Dataset entries
■ ■ ■ ■ ■ ■ ■

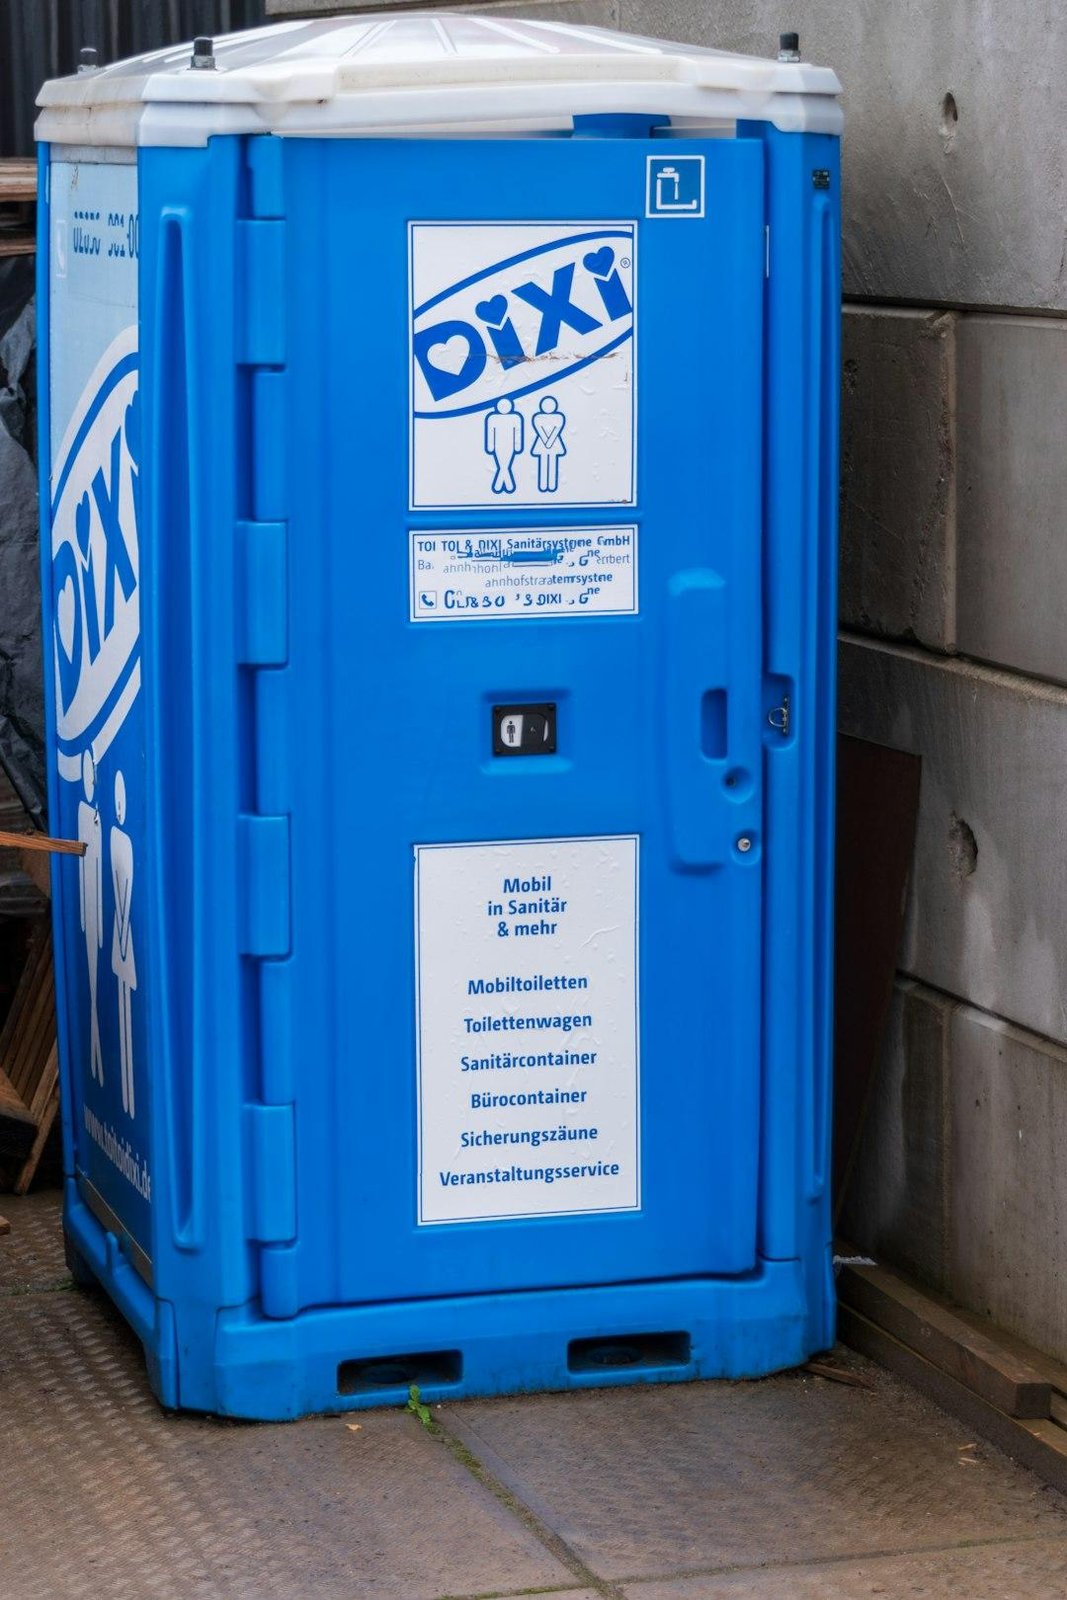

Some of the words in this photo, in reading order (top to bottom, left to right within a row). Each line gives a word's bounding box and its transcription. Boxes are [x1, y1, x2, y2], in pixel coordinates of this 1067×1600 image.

[417, 541, 436, 552] TOI
[503, 876, 551, 893] Mobil
[487, 901, 503, 916] in
[508, 897, 567, 915] Sanitär
[497, 921, 509, 937] &
[514, 920, 557, 936] mehr
[467, 975, 588, 995] Mobiltoiletten
[463, 1014, 592, 1033] Toilettenwagen
[460, 1050, 597, 1071] Sanitärcontainer
[471, 1088, 588, 1108] Bürocontainer
[460, 1125, 598, 1147] Sicherungszäune
[439, 1161, 620, 1186] Veranstaltungsservice
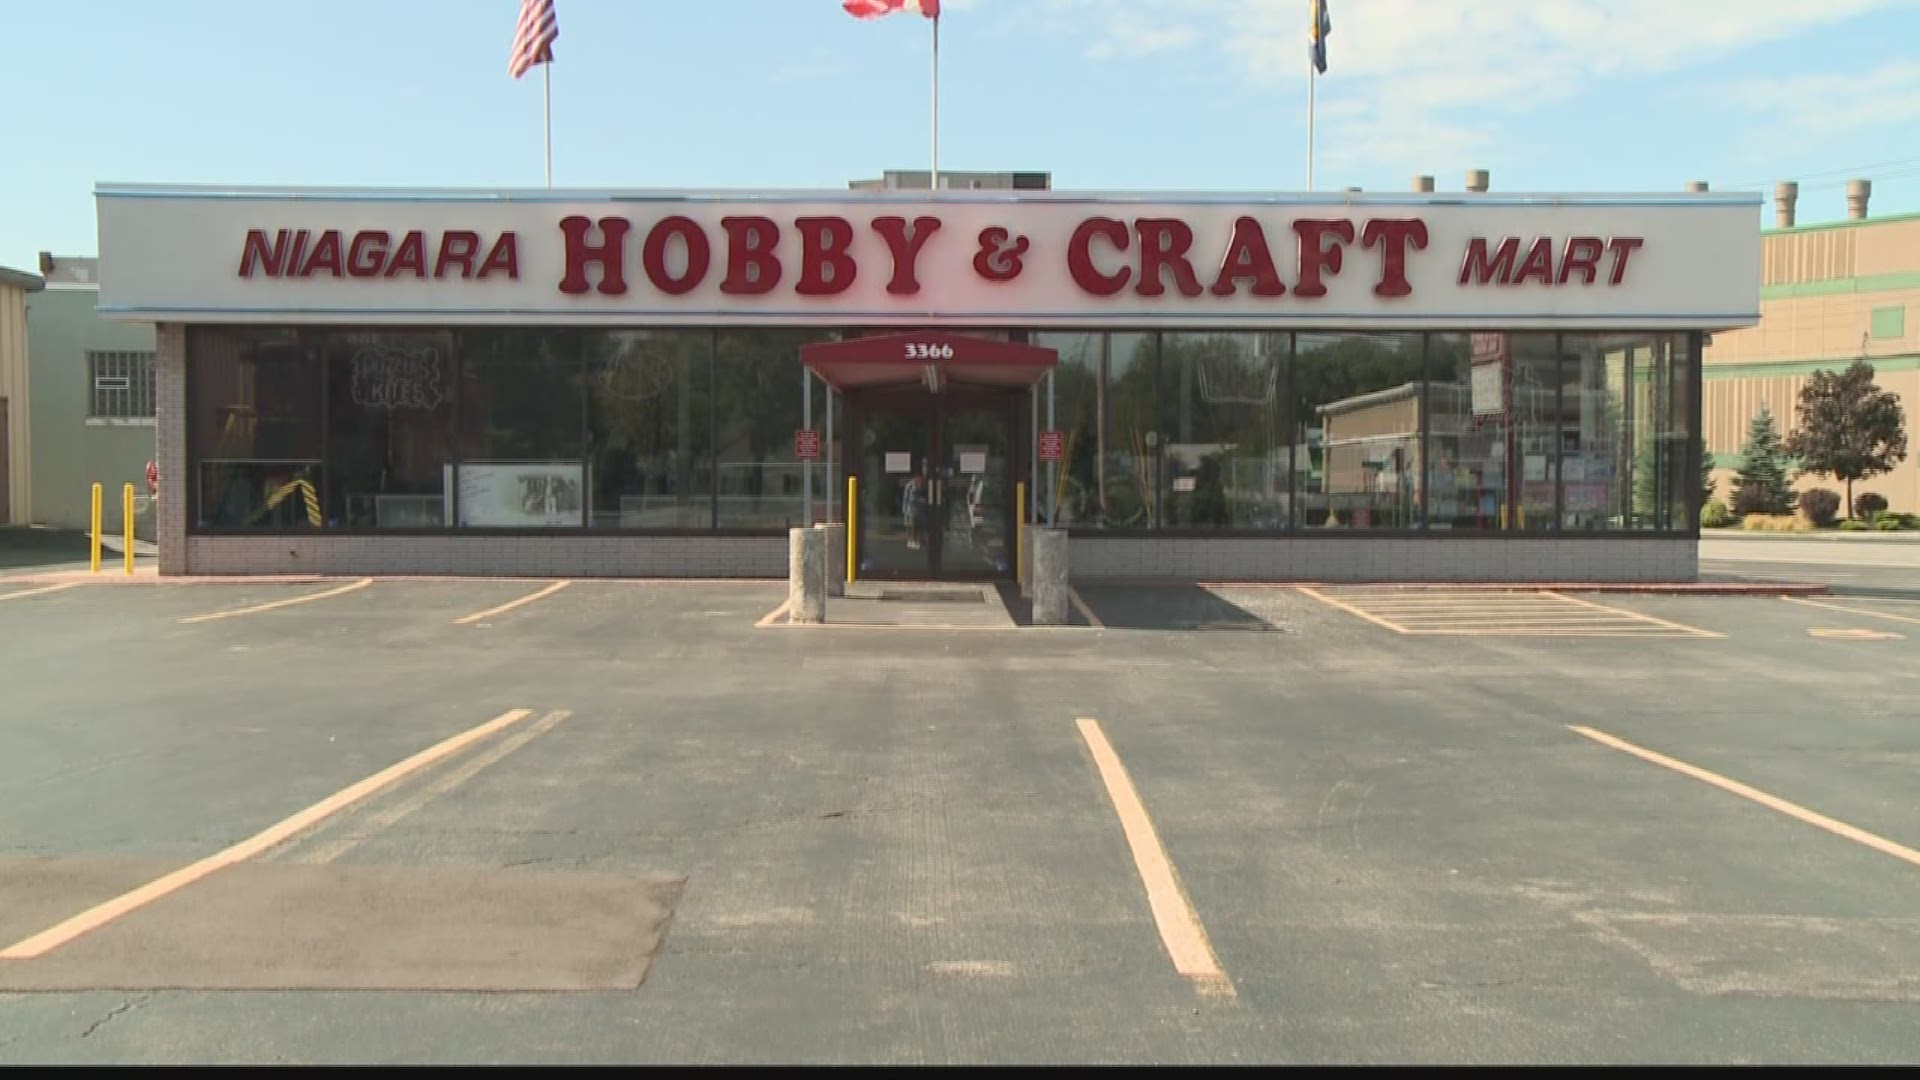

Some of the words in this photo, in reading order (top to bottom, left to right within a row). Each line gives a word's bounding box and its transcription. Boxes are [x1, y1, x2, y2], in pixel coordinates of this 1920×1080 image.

[238, 228, 520, 280] NIAGARA
[558, 215, 942, 297] HOBBY
[972, 226, 1030, 282] &
[1066, 216, 1429, 297] CRAFT
[1457, 236, 1644, 287] MART
[904, 342, 954, 361] 3366

■ ■ ■ ■ ■ ■ ■

▶ **Work request**
Above are the entries; write them out again exactly, omitting the pictures.

▶ **Solution to this problem**
Some of the words in this photo, in reading order (top to bottom, left to right within a row). Each line gives a word's bounding box and its transcription. Boxes are [x1, y1, x2, y2], in pixel coordinates of this 1067×1600 image.

[417, 541, 436, 552] TOI
[503, 876, 551, 893] Mobil
[487, 901, 503, 916] in
[508, 897, 567, 915] Sanitär
[497, 921, 509, 937] &
[514, 920, 557, 936] mehr
[467, 975, 588, 995] Mobiltoiletten
[463, 1014, 592, 1033] Toilettenwagen
[460, 1050, 597, 1071] Sanitärcontainer
[471, 1088, 588, 1108] Bürocontainer
[460, 1125, 598, 1147] Sicherungszäune
[439, 1161, 620, 1186] Veranstaltungsservice

Some of the words in this photo, in reading order (top to bottom, left to right within a row). Each line gives a word's bounding box and its transcription. Boxes are [x1, y1, x2, y2], in pixel coordinates of this 1920×1080 image.

[238, 228, 520, 280] NIAGARA
[558, 215, 942, 297] HOBBY
[972, 226, 1030, 282] &
[1066, 216, 1429, 297] CRAFT
[1457, 236, 1644, 287] MART
[904, 342, 954, 361] 3366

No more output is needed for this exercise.